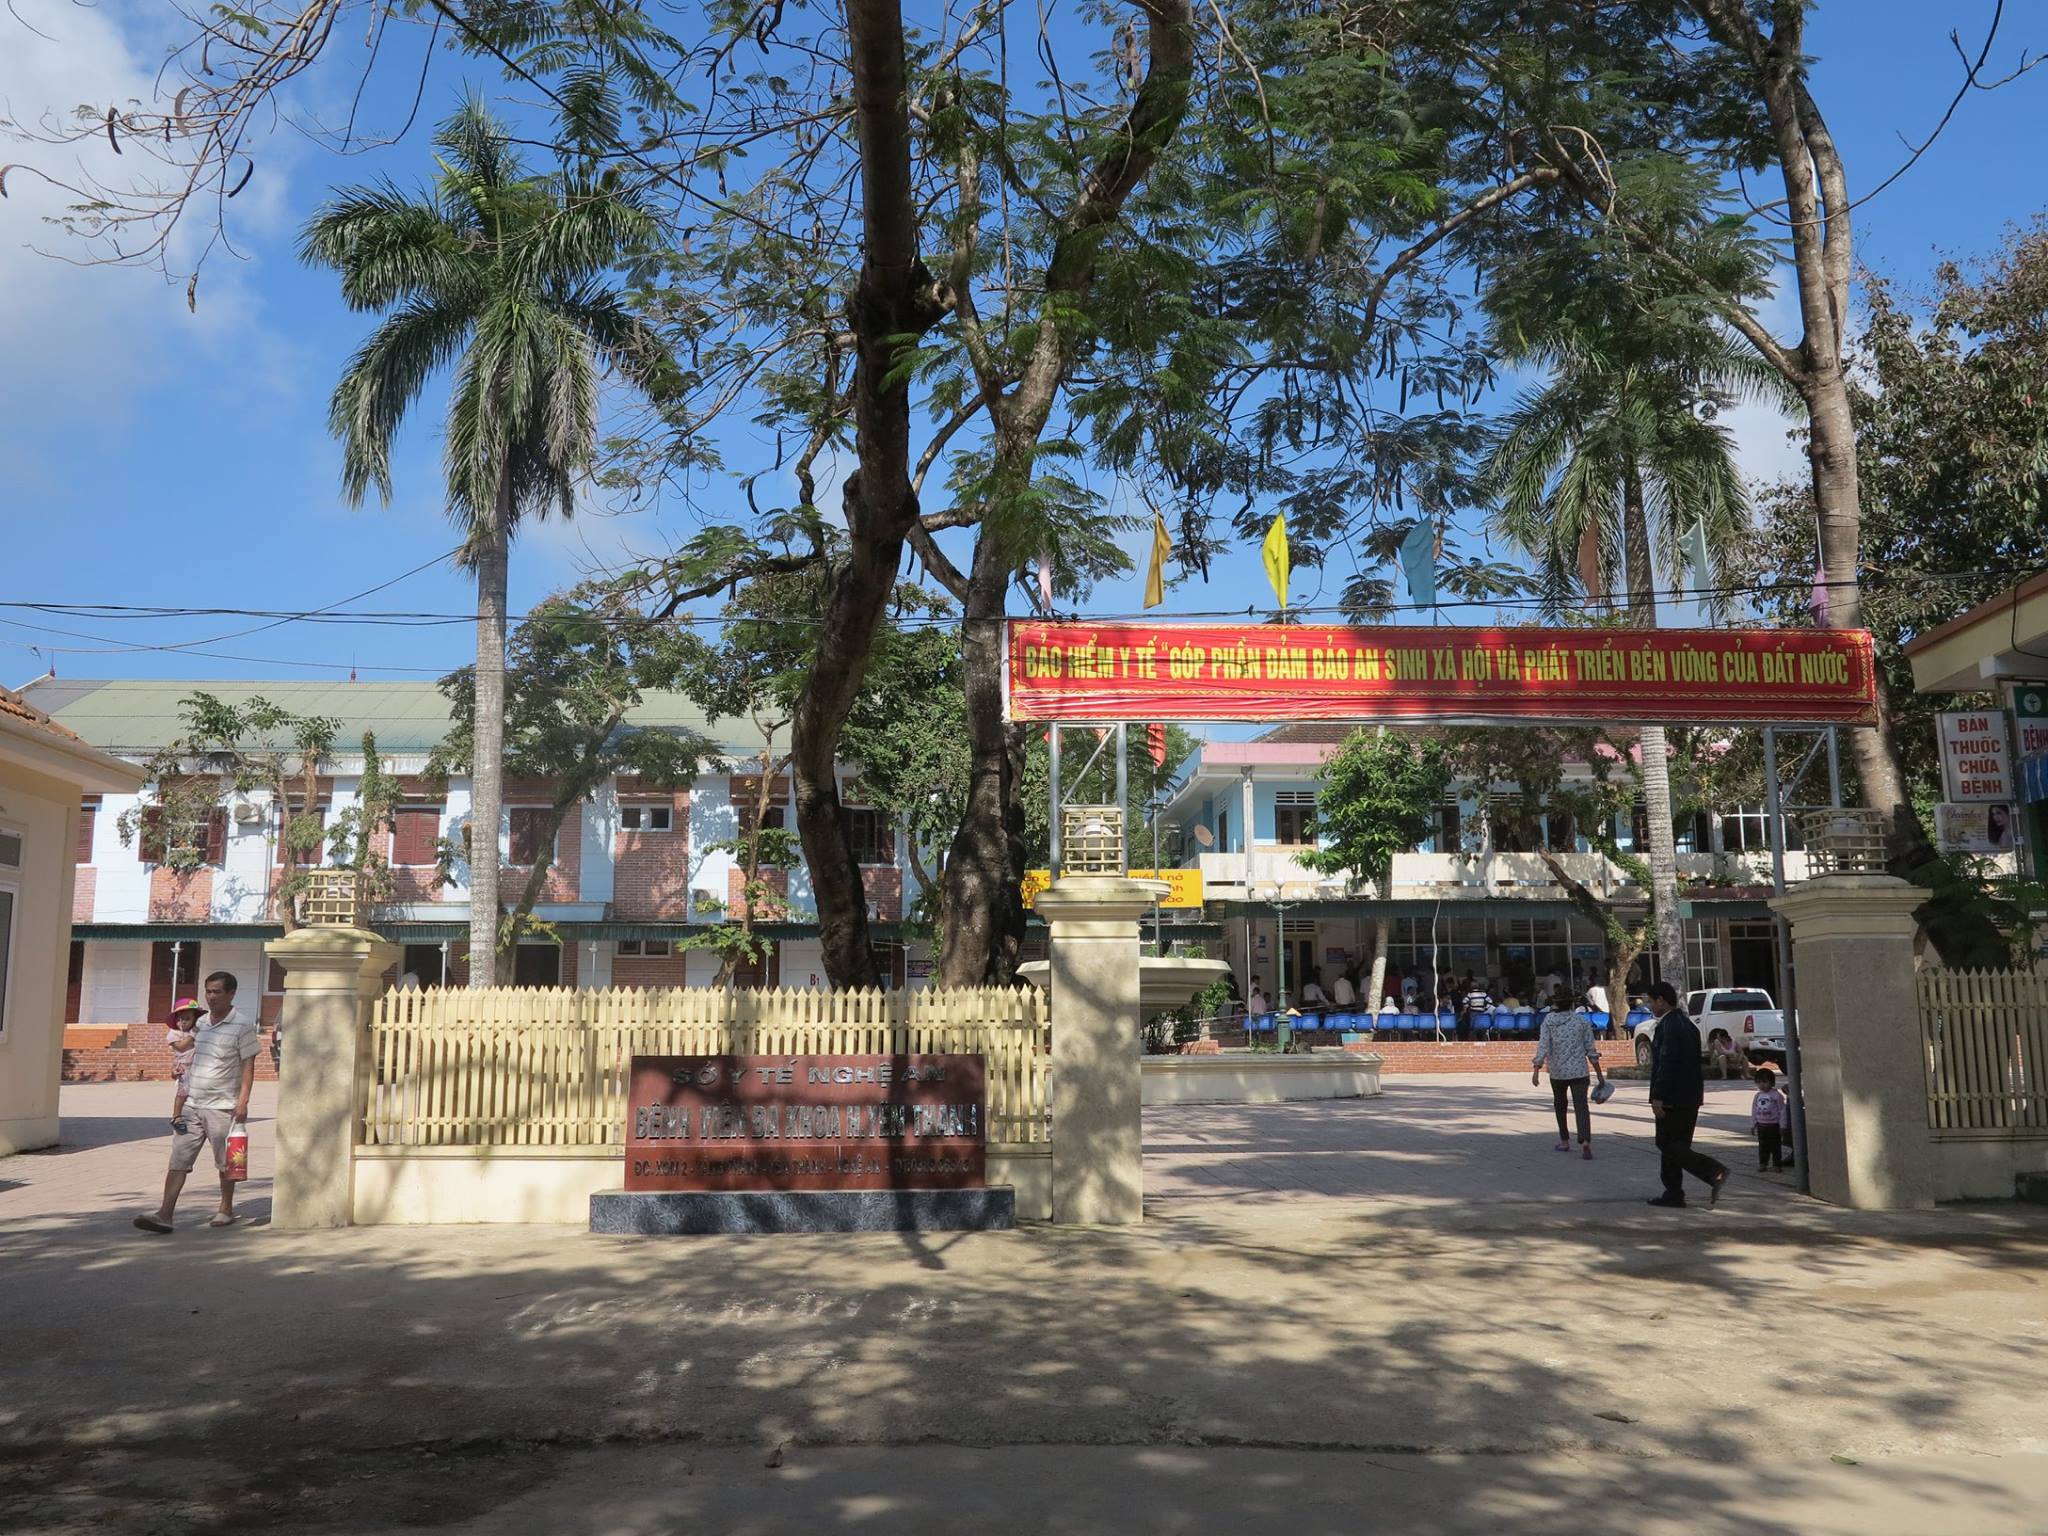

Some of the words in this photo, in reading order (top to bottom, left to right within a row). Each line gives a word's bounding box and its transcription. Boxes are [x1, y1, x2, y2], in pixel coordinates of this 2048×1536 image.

[1025, 632, 1062, 678] BẢO
[1067, 633, 1114, 678] HIỂM
[1119, 646, 1130, 678] Y
[1135, 635, 1157, 680] TẾ
[1212, 636, 1262, 680] PHẦN
[1265, 634, 1307, 680] ĐẢM
[1313, 634, 1349, 680] BẢO
[1354, 648, 1380, 680] AN
[1384, 648, 1428, 681] SINH
[1432, 641, 1458, 681] XÃ
[1461, 642, 1492, 688] HỘI
[1496, 642, 1521, 681] VÀ
[1524, 642, 1570, 681] PHÁT
[1574, 637, 1627, 682] TRIỂN
[1630, 638, 1666, 682] BỀN
[1670, 641, 1719, 683] VỮNG
[1723, 638, 1760, 683] CỦA
[1762, 640, 1795, 684] ĐẤT
[1958, 714, 1989, 733] BÁN
[1949, 735, 2001, 755] THUỐC
[1958, 754, 2000, 773] CHỮA
[1961, 776, 2002, 799] BỆNH
[726, 1067, 748, 1085] Y
[808, 1062, 894, 1088] NGHỆ
[899, 1064, 946, 1084] AN
[784, 1104, 842, 1140] KHOA

Exercise details — For every entry, return its exact wording and leave out any image.

Result of this task —
Some of the words in this photo, in reading order (top to bottom, left to right within a row). Each line gives a word's bounding box and its transcription. Boxes are [x1, y1, x2, y2], in pixel coordinates of this 2048×1536 image.

[1025, 632, 1062, 678] BẢO
[1067, 633, 1114, 678] HIỂM
[1119, 646, 1130, 678] Y
[1135, 635, 1157, 680] TẾ
[1212, 636, 1262, 680] PHẦN
[1265, 634, 1307, 680] ĐẢM
[1313, 634, 1349, 680] BẢO
[1354, 648, 1380, 680] AN
[1384, 648, 1428, 681] SINH
[1432, 641, 1458, 681] XÃ
[1461, 642, 1492, 688] HỘI
[1496, 642, 1521, 681] VÀ
[1524, 642, 1570, 681] PHÁT
[1574, 637, 1627, 682] TRIỂN
[1630, 638, 1666, 682] BỀN
[1670, 641, 1719, 683] VỮNG
[1723, 638, 1760, 683] CỦA
[1762, 640, 1795, 684] ĐẤT
[1958, 714, 1989, 733] BÁN
[1949, 735, 2001, 755] THUỐC
[1958, 754, 2000, 773] CHỮA
[1961, 776, 2002, 799] BỆNH
[726, 1067, 748, 1085] Y
[808, 1062, 894, 1088] NGHỆ
[899, 1064, 946, 1084] AN
[784, 1104, 842, 1140] KHOA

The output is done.